Of course, all you need to do is point to countries like China who regularly execute drug traffickers, and yet still never seem to run out of traffickers to execute.
Unfortunately, tomorrow is the U.N.’s annual International Day Against Drug Abuse and Trafficking, known as Anti-Drug Day. It’s a day to dread, because just about every year, China likes to “celebrate” it by shooting a whole bunch more of their citizens in the head.
And how is that get as tough as it’s possible to be policy working?
China says drug cases shot up 16 percent last year from 2008 with courts convicting more than 56,000 people.
Chinese courts handled more than 50,000 drug trafficking cases in 2009 and about 17,000 people received severe sentences – from five years in prison to a death sentence – up almost 9 percent from the year before, the Supreme People’s Court said Thursday.
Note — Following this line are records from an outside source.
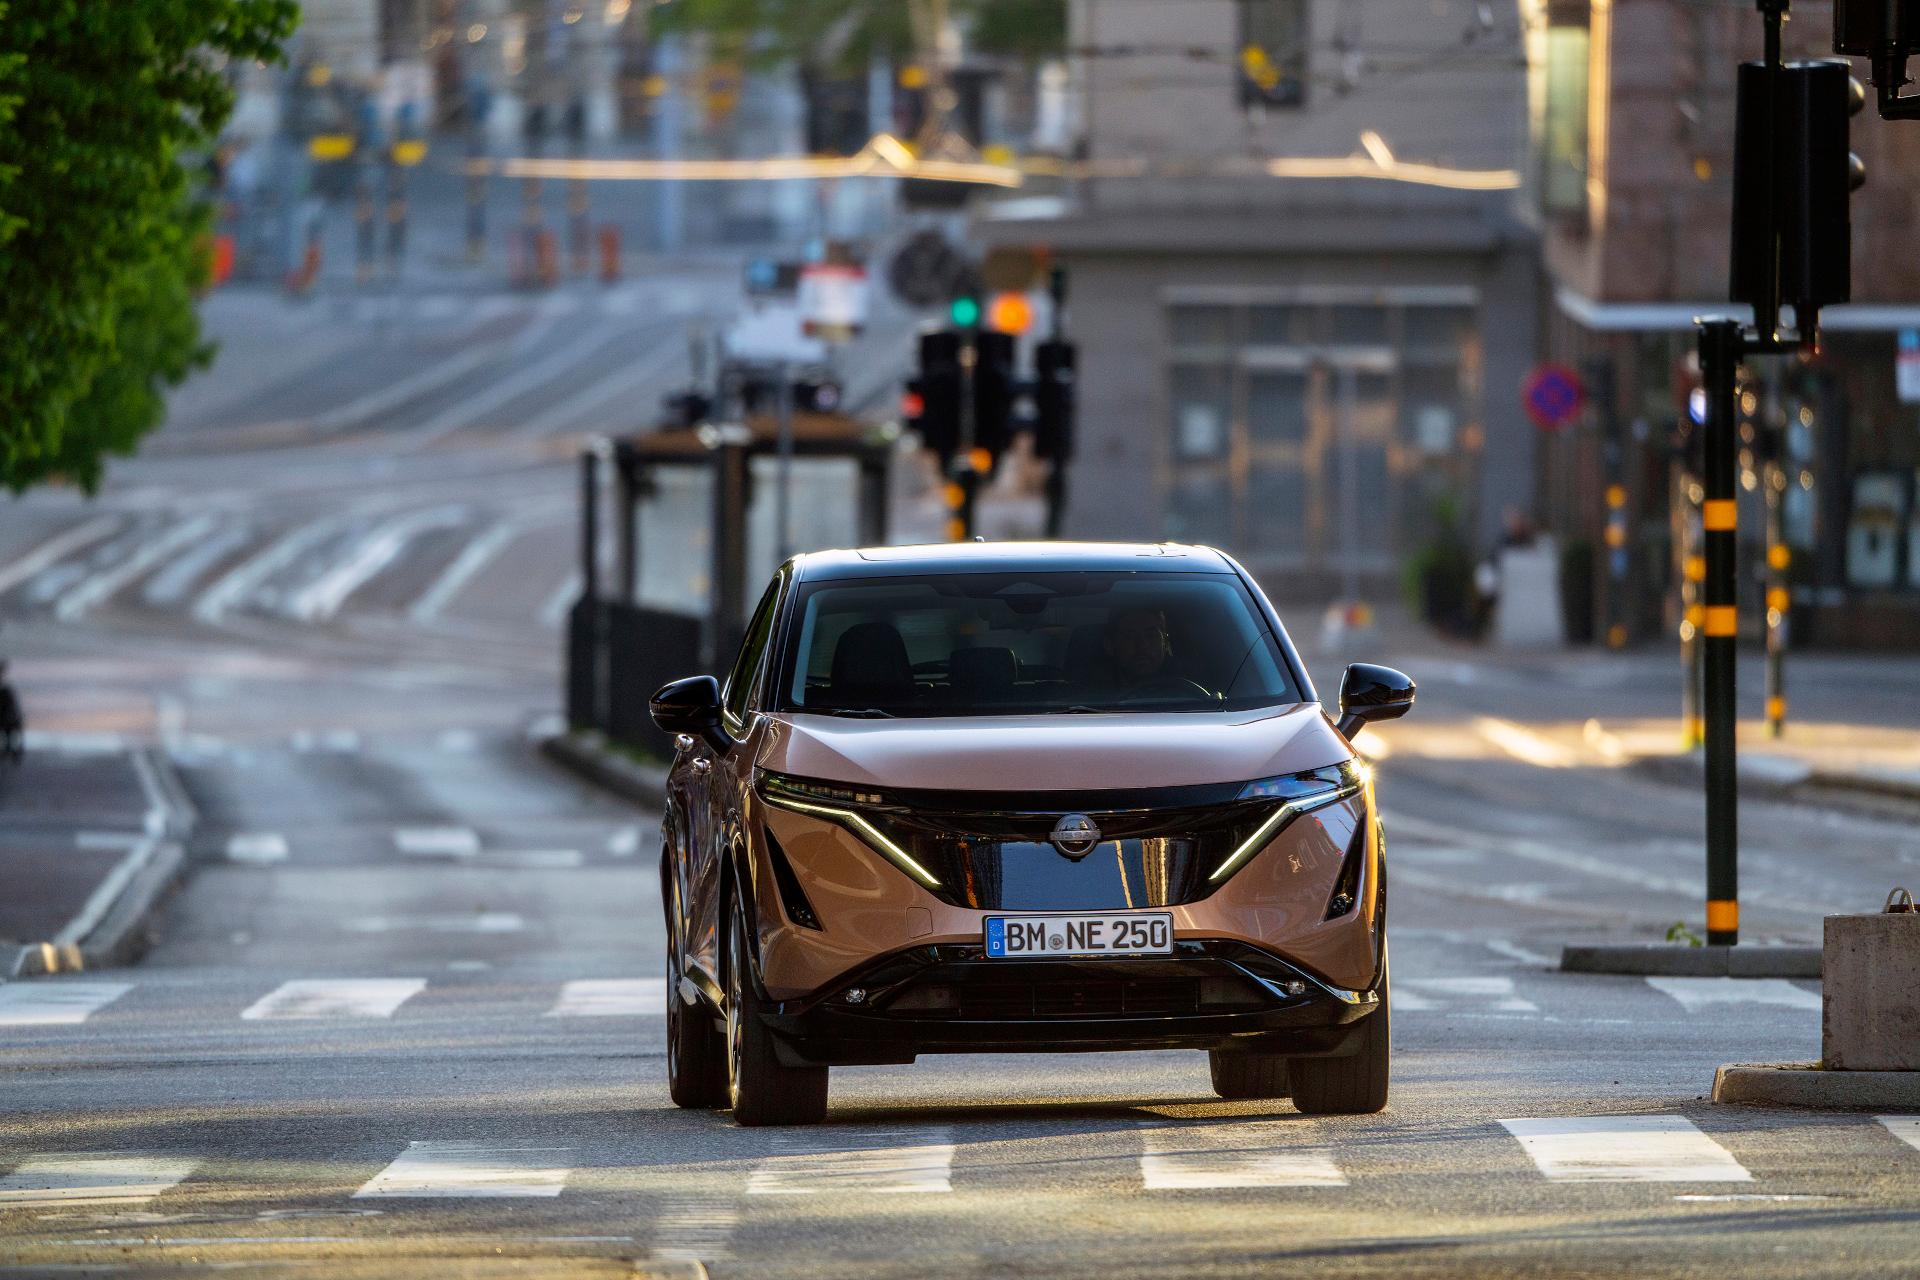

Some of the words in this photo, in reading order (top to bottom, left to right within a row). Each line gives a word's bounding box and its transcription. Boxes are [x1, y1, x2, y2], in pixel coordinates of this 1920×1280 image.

[1006, 922, 1045, 951] BM
[1067, 920, 1106, 949] NE
[1112, 919, 1167, 948] 250
[993, 942, 1000, 950] D
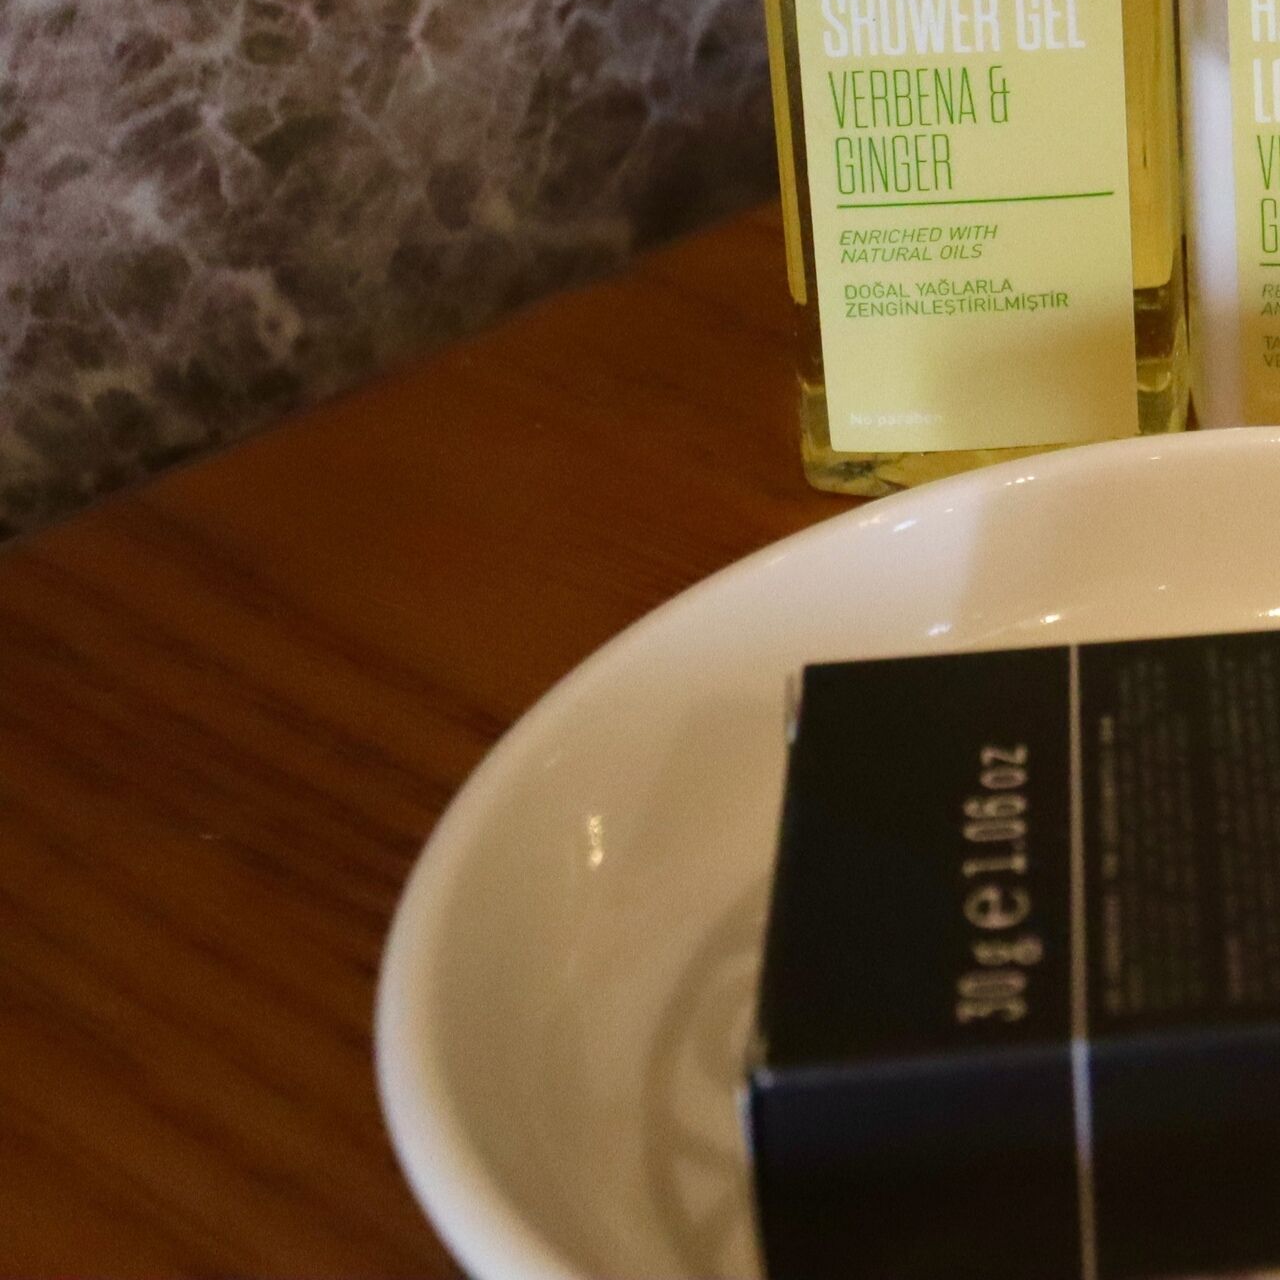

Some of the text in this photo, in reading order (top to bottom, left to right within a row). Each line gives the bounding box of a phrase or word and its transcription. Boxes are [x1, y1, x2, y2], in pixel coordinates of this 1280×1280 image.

[828, 65, 1010, 129] VERBENA &
[835, 133, 952, 195] GINGER
[839, 224, 998, 246] ENRICHED WITH
[840, 244, 983, 264] NATURAL OILS
[844, 278, 1013, 300] DOĞAL YAĞLARLA
Police seized nearly 28 tons of drugs last year, the official Xinhua News Agency reported Friday.
Drug prohibition, even at its most extreme, does not work. And the U.N. has been criminally culpable by not focusing on human rights abuse while it encourages and even pushes countries to get tougher on drugs.
With the UNODC’s director Antonio Maria Costa’s term expiring in July, there’s an opportunity, but also a danger…
New UN drugs tsar must be a leader on human rights by Damon Barrett in the Guardian
Unfortunately, the current frontrunner for the role of UN drug tsar is the candidate being pushed by the Russian government.
The candidate is Yuri Fedotov, current ambassador to the UK. But this is not about the individual except to the extent that he is a career diplomat of over 40 years’ service. It is about Russia’s disastrous drug policies, its appalling human rights record and despite this, a government official nonetheless taking a high-profile position of strategic importance to both issues.
Russia is no supporter of human rights scrutiny in drug control, and works to block any such progress in international political fora such as the UN commission on narcotic drugs. There are nearly 2 million people who inject drugs in Russia, and the government has abandoned them to HIV and abusive “treatments” such as “flogging therapy”. Moreover, the government regularly seeks to block political progress on public health interventions such as opioid substitution therapy and needle and syringe exchange intended to fulfil their human rights. It is now estimated that 37% of people who inject drugs in Russia are HIV positive and as many as 80% of all new HIV infections in the country are due to unsafe injecting practices.
A UNODC director from Russia would likely be a disaster.
The new director will soon be appointed by Secretary General Ban Ki-moon.
My condolences to the families of those who will likely be shot to death by the Chinese government tomorrow.